大きな成果物を作業可能な単位へ階層的に分解し、漏れなく重複なく整理する手法・成果物を何と呼ぶか。
解説まとめ
正解は B です。WBS は成果物や作業を上位から下位へ階層的に分解し、管理できる大きさの作業単位(ワークパッケージ)まで落とし込む手法です。全体を漏れなく分解することで、見積もりや担当割り当ての土台ができます。工程計画の起点になる成果物だと押さえておきましょう。
ポイント
WBS の本質は「全体を網羅的に分解する」ことにあります。分解されていない作業は見積もりも進捗管理もできません。RACI(責任分担)やバーンダウン(残作業の推移)とは目的が異なる点を区別しましょう。
ワンポイントアドバイス
見積もりや計画に詰まったら、まず成果物を2〜3階層に分解してみましょう。「これ以上分けると細かすぎる」と感じる単位まで割ると、各単位の工数を具体的に見積もれるようになります。
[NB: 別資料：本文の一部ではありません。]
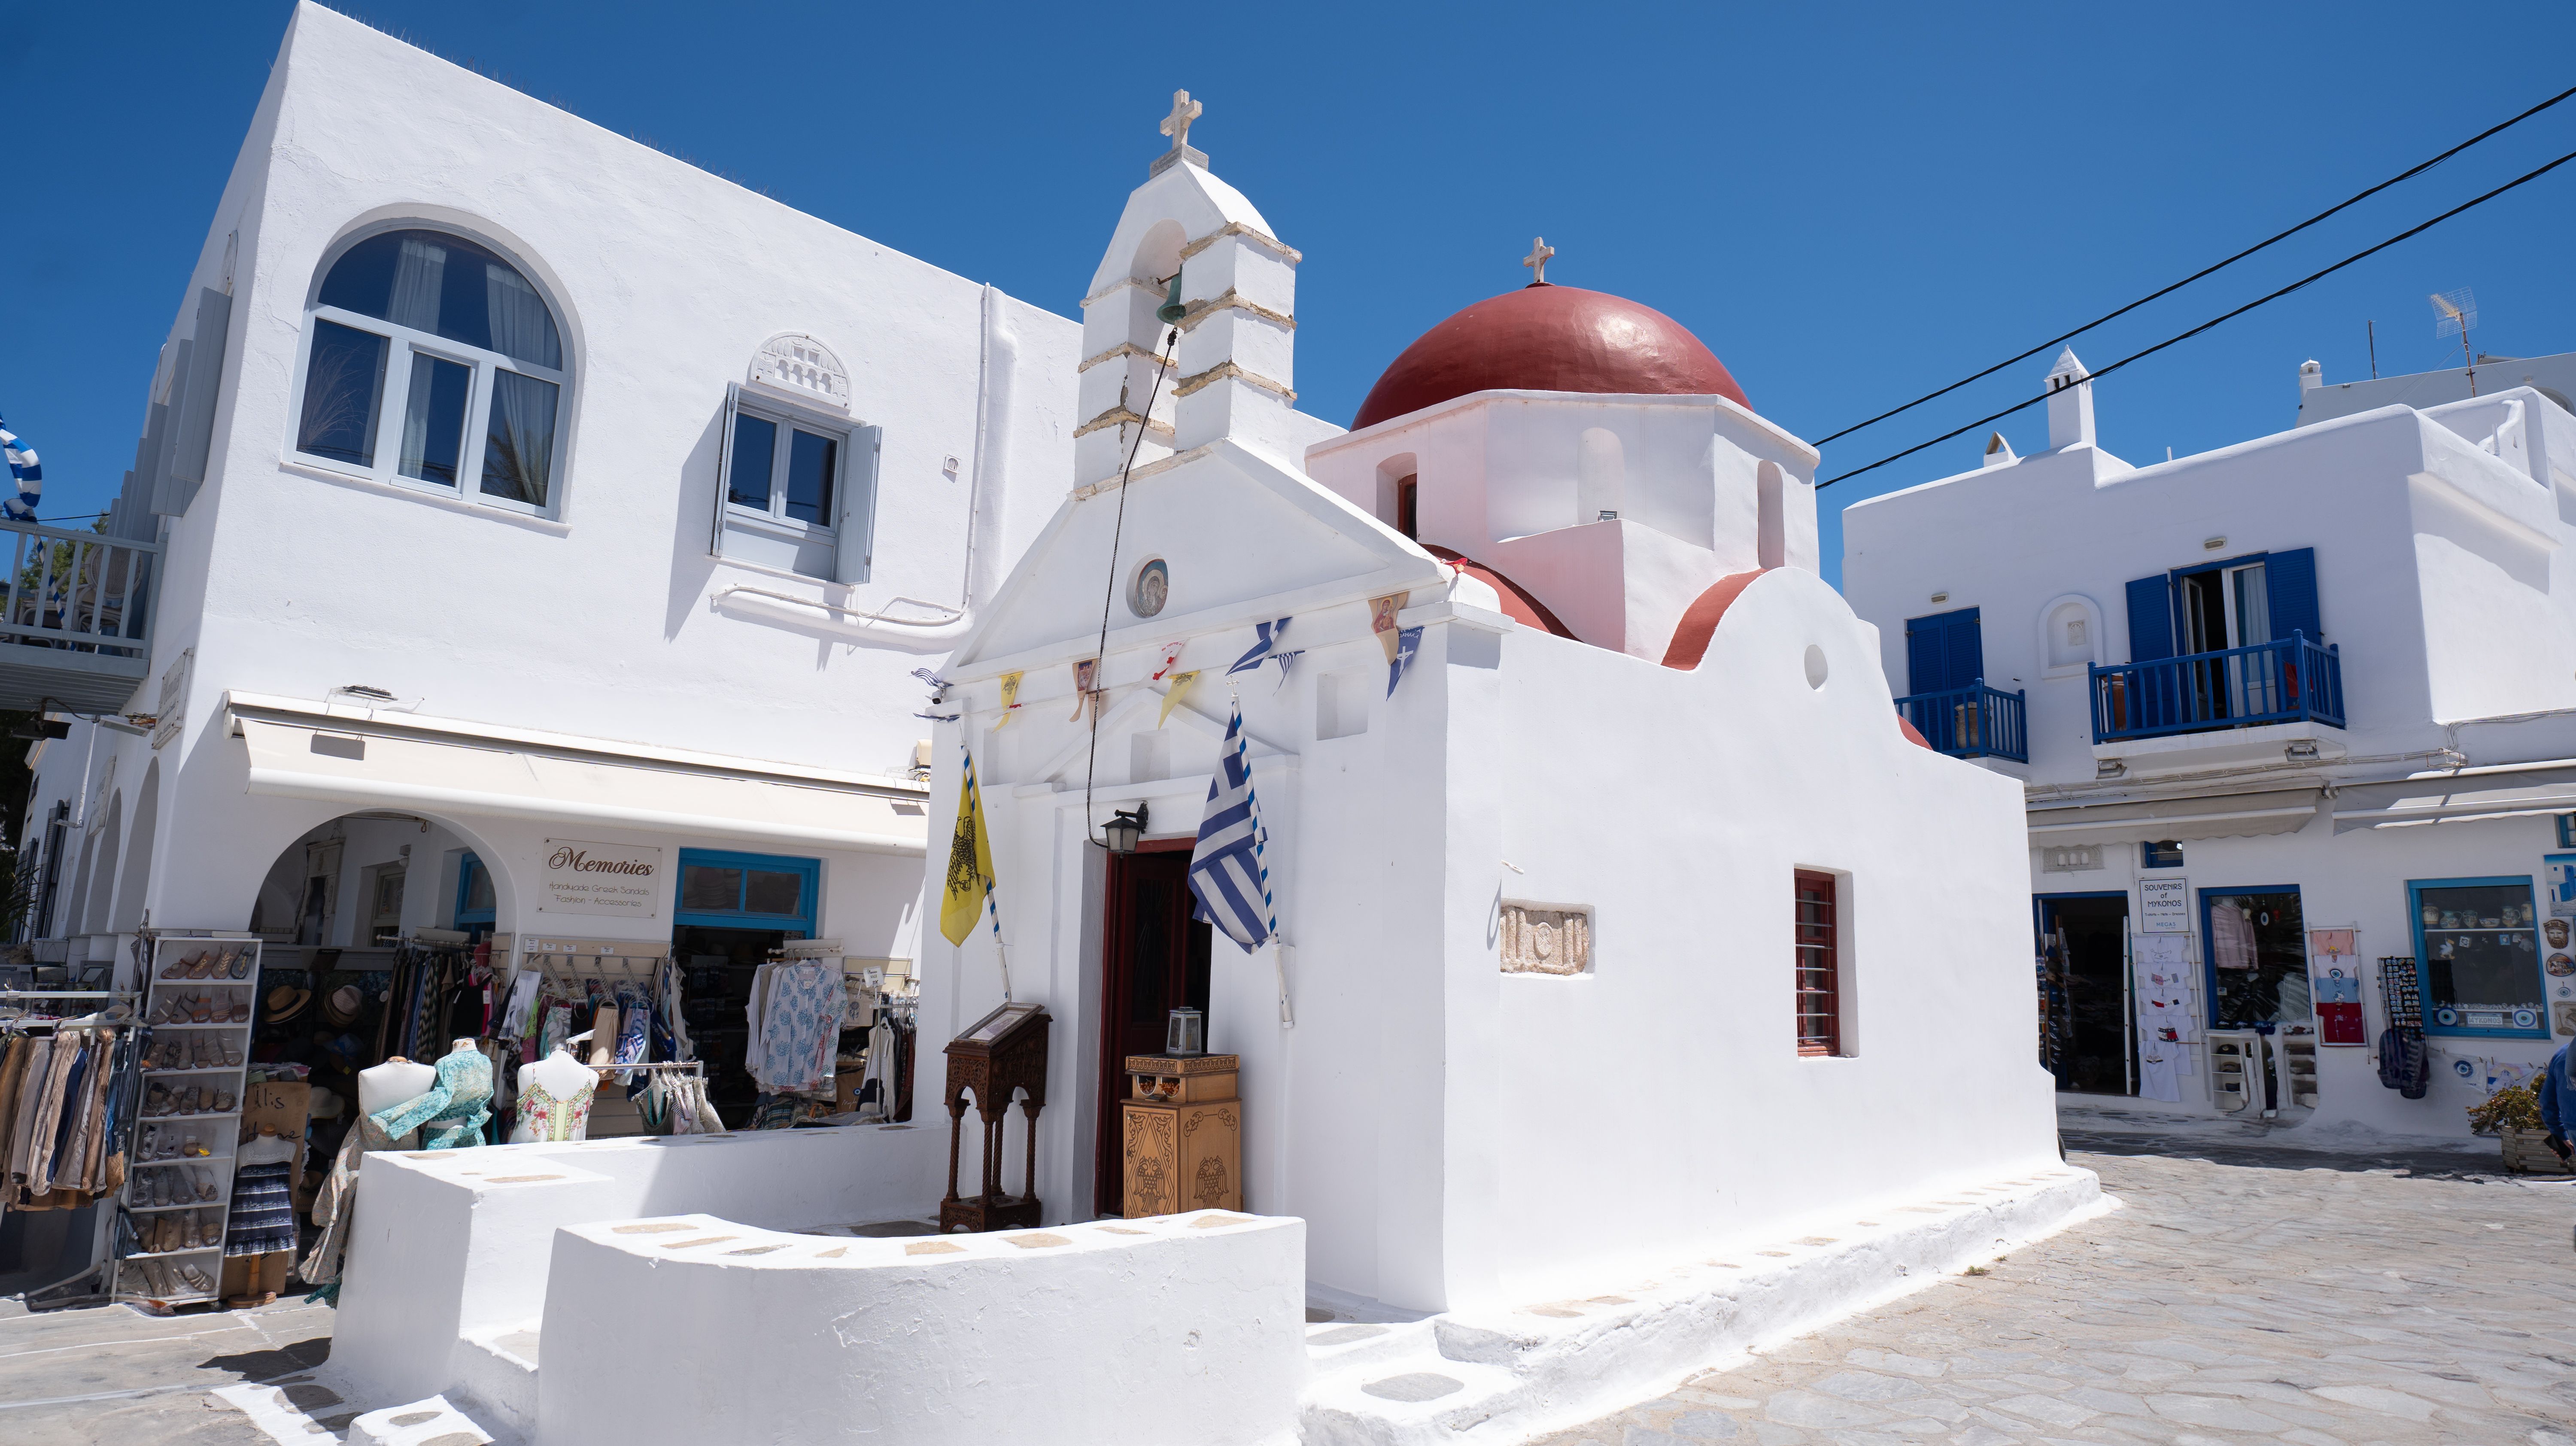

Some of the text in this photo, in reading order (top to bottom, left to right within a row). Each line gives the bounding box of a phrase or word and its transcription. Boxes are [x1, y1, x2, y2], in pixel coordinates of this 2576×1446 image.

[549, 847, 654, 876] Memories
[592, 884, 618, 893] Greek
[620, 886, 649, 896] Sandals
[554, 894, 586, 904] Fashion
[594, 897, 642, 907] Accessories
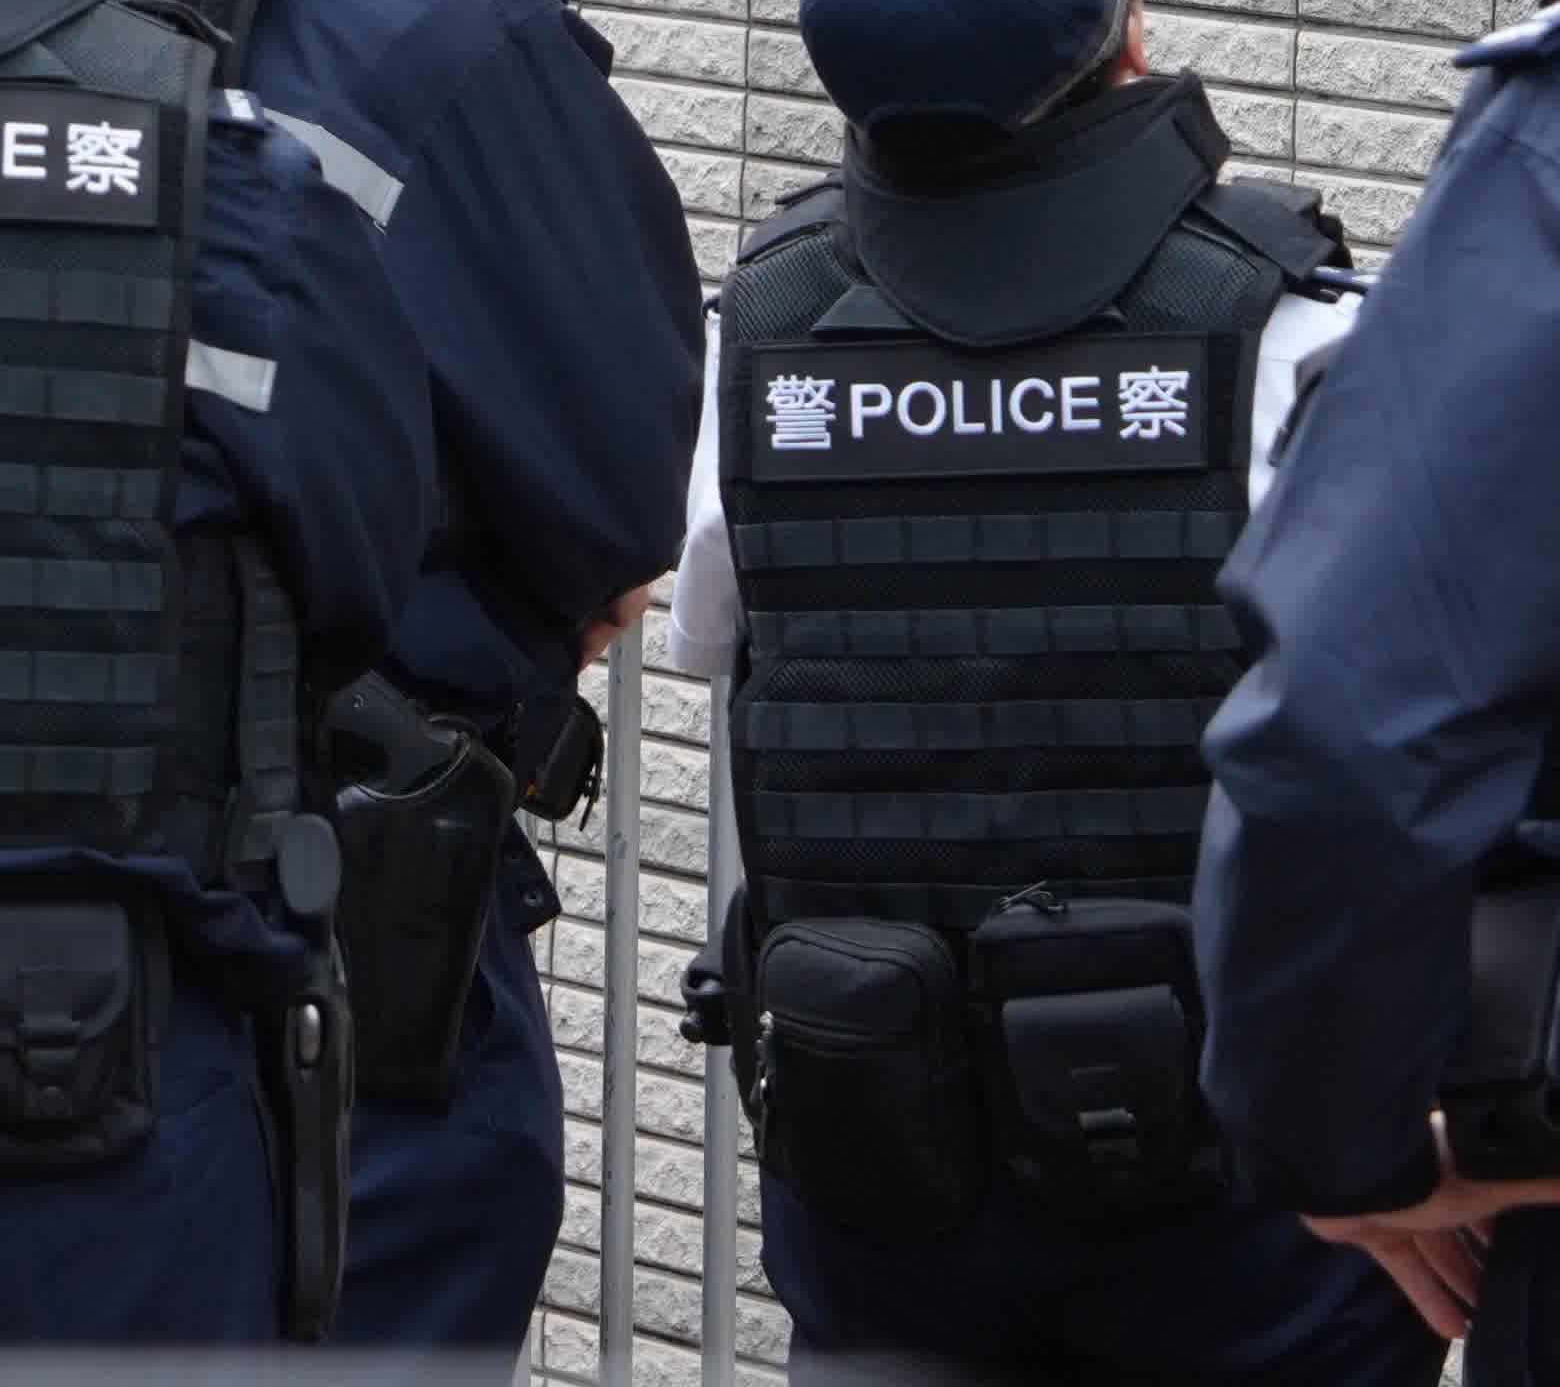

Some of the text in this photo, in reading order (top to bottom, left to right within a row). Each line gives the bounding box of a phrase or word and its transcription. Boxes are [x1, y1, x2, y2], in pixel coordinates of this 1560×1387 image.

大きな塊のまま見積もると、必ず精度が落ちます。
解説詳細
WBS は成果物を階層分解する
WBS(Work Breakdown Structure、作業分解構成図)は、プロジェクトの成果物や作業を、上位の大きな括りから下位の細かい単位へと階層的に分解した構成図です。最下層の管理単位はワークパッケージと呼ばれ、ここまで分解することで、各単位ごとに工数・期間・担当を見積もれるようになります。分解の原則は「漏れなく重複なく(MECE)」で、全作業がいずれかの枝に収まるよう整理します。WBS は計画フェーズの土台であり、見積もり・スケジュール・コスト管理のすべてがここから派生します。
なぜ他の選択肢が誤りか
A の PERT 図は作業の前後関係と所要時間をネットワークで表す図で、分解そのものを目的とはしません。C の RACI チャートは作業ごとの責任分担を整理する体制側の道具です。D のバーンダウンチャートは残作業量の推移を示すアジャイル系の進捗ツールで、分解の手法ではありません。階層的な分解を指すのは WBS だけなので、これが正解になります。